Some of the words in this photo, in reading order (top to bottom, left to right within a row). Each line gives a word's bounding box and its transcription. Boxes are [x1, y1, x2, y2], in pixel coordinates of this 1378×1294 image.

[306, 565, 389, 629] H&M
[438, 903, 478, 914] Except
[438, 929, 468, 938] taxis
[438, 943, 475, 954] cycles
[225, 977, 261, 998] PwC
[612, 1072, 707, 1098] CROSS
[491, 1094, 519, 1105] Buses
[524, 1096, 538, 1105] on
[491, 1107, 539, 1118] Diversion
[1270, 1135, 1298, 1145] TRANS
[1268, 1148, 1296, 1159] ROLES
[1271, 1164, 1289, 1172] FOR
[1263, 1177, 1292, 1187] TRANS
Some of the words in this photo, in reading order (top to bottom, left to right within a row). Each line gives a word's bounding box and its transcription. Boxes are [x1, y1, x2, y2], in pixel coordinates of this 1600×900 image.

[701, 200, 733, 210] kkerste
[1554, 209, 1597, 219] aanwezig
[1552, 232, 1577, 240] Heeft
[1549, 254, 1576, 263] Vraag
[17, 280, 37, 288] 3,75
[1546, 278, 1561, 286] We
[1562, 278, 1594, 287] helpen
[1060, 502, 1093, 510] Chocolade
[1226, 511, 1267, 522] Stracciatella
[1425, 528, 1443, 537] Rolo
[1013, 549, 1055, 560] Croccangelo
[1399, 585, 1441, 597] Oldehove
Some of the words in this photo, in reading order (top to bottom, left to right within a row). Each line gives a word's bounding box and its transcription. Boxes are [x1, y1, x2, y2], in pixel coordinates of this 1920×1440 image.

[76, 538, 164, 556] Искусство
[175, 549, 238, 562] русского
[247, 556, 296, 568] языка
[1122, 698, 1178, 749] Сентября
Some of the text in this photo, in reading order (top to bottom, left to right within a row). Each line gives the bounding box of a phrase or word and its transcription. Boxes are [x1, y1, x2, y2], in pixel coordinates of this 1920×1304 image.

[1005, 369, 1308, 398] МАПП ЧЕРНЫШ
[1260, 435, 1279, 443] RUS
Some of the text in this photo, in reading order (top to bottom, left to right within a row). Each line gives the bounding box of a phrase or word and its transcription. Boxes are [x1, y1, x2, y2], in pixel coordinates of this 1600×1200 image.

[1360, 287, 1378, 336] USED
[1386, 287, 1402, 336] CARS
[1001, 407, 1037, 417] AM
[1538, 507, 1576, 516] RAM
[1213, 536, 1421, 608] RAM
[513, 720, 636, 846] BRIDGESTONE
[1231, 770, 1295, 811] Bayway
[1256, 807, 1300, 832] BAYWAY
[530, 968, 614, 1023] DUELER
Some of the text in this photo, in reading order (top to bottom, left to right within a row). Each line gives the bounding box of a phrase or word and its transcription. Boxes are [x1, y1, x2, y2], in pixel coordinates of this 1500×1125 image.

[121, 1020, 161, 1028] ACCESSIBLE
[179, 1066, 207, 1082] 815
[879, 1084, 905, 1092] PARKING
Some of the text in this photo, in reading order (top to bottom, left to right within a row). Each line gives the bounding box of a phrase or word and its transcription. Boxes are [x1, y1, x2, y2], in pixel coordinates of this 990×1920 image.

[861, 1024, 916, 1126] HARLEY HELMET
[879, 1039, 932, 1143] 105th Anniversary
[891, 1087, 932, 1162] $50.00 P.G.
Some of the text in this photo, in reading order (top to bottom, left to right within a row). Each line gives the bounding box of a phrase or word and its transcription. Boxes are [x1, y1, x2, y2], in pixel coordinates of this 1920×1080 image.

== == ==

# [Exercise instructions]
Return each line above precisely as written.

# [Response area]
Some of the words in this photo, in reading order (top to bottom, left to right within a row). Each line gives a word's bounding box and its transcription. Boxes are [x1, y1, x2, y2], in pixel coordinates of this 1378×1294 image.

[306, 565, 389, 629] H&M
[438, 903, 478, 914] Except
[438, 929, 468, 938] taxis
[438, 943, 475, 954] cycles
[225, 977, 261, 998] PwC
[612, 1072, 707, 1098] CROSS
[491, 1094, 519, 1105] Buses
[524, 1096, 538, 1105] on
[491, 1107, 539, 1118] Diversion
[1270, 1135, 1298, 1145] TRANS
[1268, 1148, 1296, 1159] ROLES
[1271, 1164, 1289, 1172] FOR
[1263, 1177, 1292, 1187] TRANS
Some of the words in this photo, in reading order (top to bottom, left to right within a row). Each line gives a word's bounding box and its transcription. Boxes are [x1, y1, x2, y2], in pixel coordinates of this 1600×900 image.

[701, 200, 733, 210] kkerste
[1554, 209, 1597, 219] aanwezig
[1552, 232, 1577, 240] Heeft
[1549, 254, 1576, 263] Vraag
[17, 280, 37, 288] 3,75
[1546, 278, 1561, 286] We
[1562, 278, 1594, 287] helpen
[1060, 502, 1093, 510] Chocolade
[1226, 511, 1267, 522] Stracciatella
[1425, 528, 1443, 537] Rolo
[1013, 549, 1055, 560] Croccangelo
[1399, 585, 1441, 597] Oldehove
Some of the words in this photo, in reading order (top to bottom, left to right within a row). Each line gives a word's bounding box and its transcription. Boxes are [x1, y1, x2, y2], in pixel coordinates of this 1920×1440 image.

[76, 538, 164, 556] Искусство
[175, 549, 238, 562] русского
[247, 556, 296, 568] языка
[1122, 698, 1178, 749] Сентября
Some of the text in this photo, in reading order (top to bottom, left to right within a row). Each line gives the bounding box of a phrase or word and its transcription. Boxes are [x1, y1, x2, y2], in pixel coordinates of this 1920×1304 image.

[1005, 369, 1308, 398] МАПП ЧЕРНЫШ
[1260, 435, 1279, 443] RUS
Some of the text in this photo, in reading order (top to bottom, left to right within a row). Each line gives the bounding box of a phrase or word and its transcription. Boxes are [x1, y1, x2, y2], in pixel coordinates of this 1600×1200 image.

[1360, 287, 1378, 336] USED
[1386, 287, 1402, 336] CARS
[1001, 407, 1037, 417] AM
[1538, 507, 1576, 516] RAM
[1213, 536, 1421, 608] RAM
[513, 720, 636, 846] BRIDGESTONE
[1231, 770, 1295, 811] Bayway
[1256, 807, 1300, 832] BAYWAY
[530, 968, 614, 1023] DUELER
Some of the text in this photo, in reading order (top to bottom, left to right within a row). Each line gives the bounding box of a phrase or word and its transcription. Boxes are [x1, y1, x2, y2], in pixel coordinates of this 1500×1125 image.

[121, 1020, 161, 1028] ACCESSIBLE
[179, 1066, 207, 1082] 815
[879, 1084, 905, 1092] PARKING
Some of the text in this photo, in reading order (top to bottom, left to right within a row). Each line gives the bounding box of a phrase or word and its transcription. Boxes are [x1, y1, x2, y2], in pixel coordinates of this 990×1920 image.

[861, 1024, 916, 1126] HARLEY HELMET
[879, 1039, 932, 1143] 105th Anniversary
[891, 1087, 932, 1162] $50.00 P.G.
Some of the text in this photo, in reading order (top to bottom, left to right within a row). Each line gives the bounding box of a phrase or word and its transcription. Boxes are [x1, y1, x2, y2], in pixel coordinates of this 1920×1080 image.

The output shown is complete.